Popular impressions of Jimmy Carter tend to fall into two broad categories.  Many see him as a failed president who mismanaged the economy, presided over a national “malaise,” allowed a small band of Iranian militants to humiliate the United States, and ultimately failed to win reelection.  His final Gallup presidential approval rating stood at 34%—equal to that of George W. Bush.  Among postwar presidents, only  Richard Nixon (24%) and Harry Truman (32%) left office with lower approval ratings.  As the political scientist John Orman suggested some years ago, Carter’s name is “synonymous with a weak, passive, indecisive presidential performance.”  For those who hold this view, Carter represents everything that made the late ‘70s a real bummer.  

His supporters, meanwhile, portray him as a unique visionary who governed by moral principles rather than power politics.  They point out that he initiated a groundbreaking human rights policy, forged a lasting Middle East peace agreement, normalized relations with China, pursued energy alternatives, and dived headlong into the most ambitious post-presidency in American history.

Both perspectives have their merits.  Yet although even Carter’s admirers would rather ignore his economic record than defend it, popular memory of his economy is off the mark.  Contrary to the prevailing wisdom, by many indices the U.S. economy did relatively well during Carter’s presidency, and he took his role as steward of the public trust seriously.  He kept the national debt in check, created no new entitlements, and steered the nation clear of expensive foreign wars.  Whatever else one may think about the man, it is no exaggeration to say that Jimmy Carter was among the last of the fiscally responsible presidents.
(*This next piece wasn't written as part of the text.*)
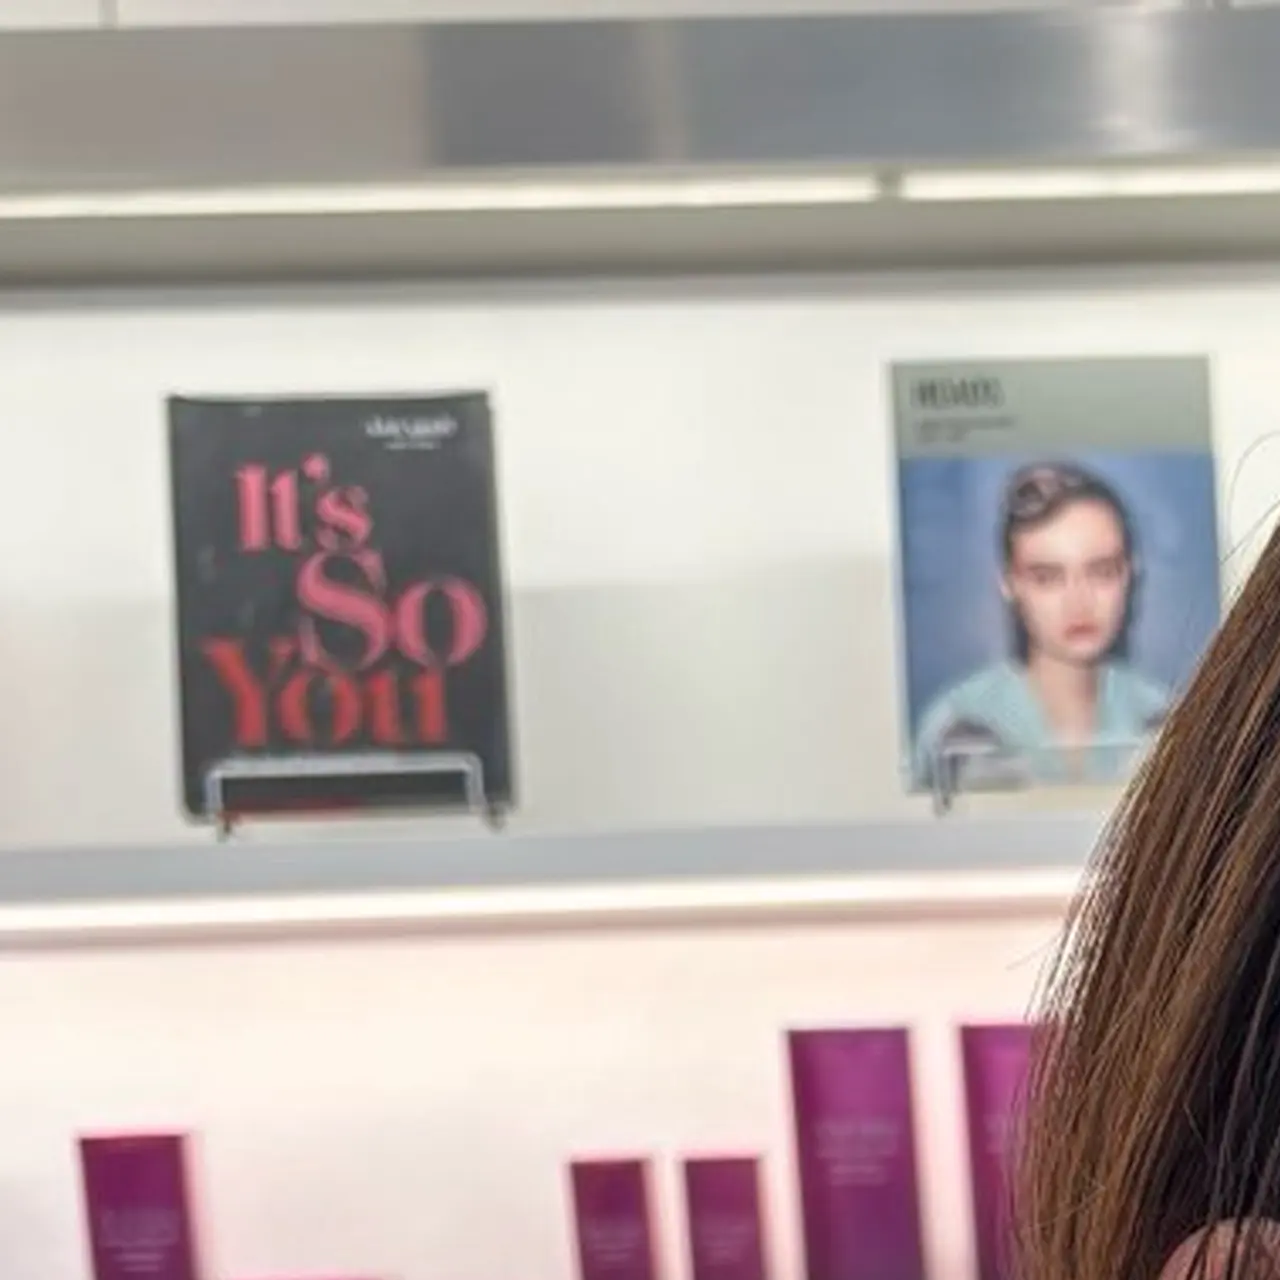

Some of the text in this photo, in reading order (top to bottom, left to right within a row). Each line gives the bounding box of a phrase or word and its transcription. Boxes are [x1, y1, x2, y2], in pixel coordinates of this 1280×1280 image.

[235, 453, 373, 552] It's
[297, 548, 488, 671] So
[201, 636, 449, 747] You
Although there is no single measure for evaluating a president’s economic performance, if we combine such standard measures as unemployment, productivity, interest rates, inflation, capital investment, and growth in output and employment, Carter’s numbers were higher than those of his near-contemporaries Ronald Reagan, Richard Nixon, Gerald Ford, and George H.W. Bush.  “What may be surprising,” notes the economist Ann Mari May, “is not only that the performance index for the Carter years is close behind the Eisenhower index of the booming 1950s, but that the Carter years outperformed the Nixon and Reagan years.”  Average real GDP growth under Carter was 3.4%, a figure surpassed by only three postwar presidents: John F. Kennedy, Lyndon Johnson, and Bill Clinton.  Even though unemployment generally increased after the 1960s, the average number of jobs created per year was higher under Carter than under any postwar president.

Particularly noteworthy was Carter’s fiscal discipline. Although Keynesian policies were central to Democratic Party orthodoxy, Carter was a fiscal conservative who touted balanced budgets and anti-inflationary measures.  By and large, he stuck to his campaign self-assessment: “I would consider myself quite conservative . . . on balancing the budget, on very careful planning and businesslike management of government.”  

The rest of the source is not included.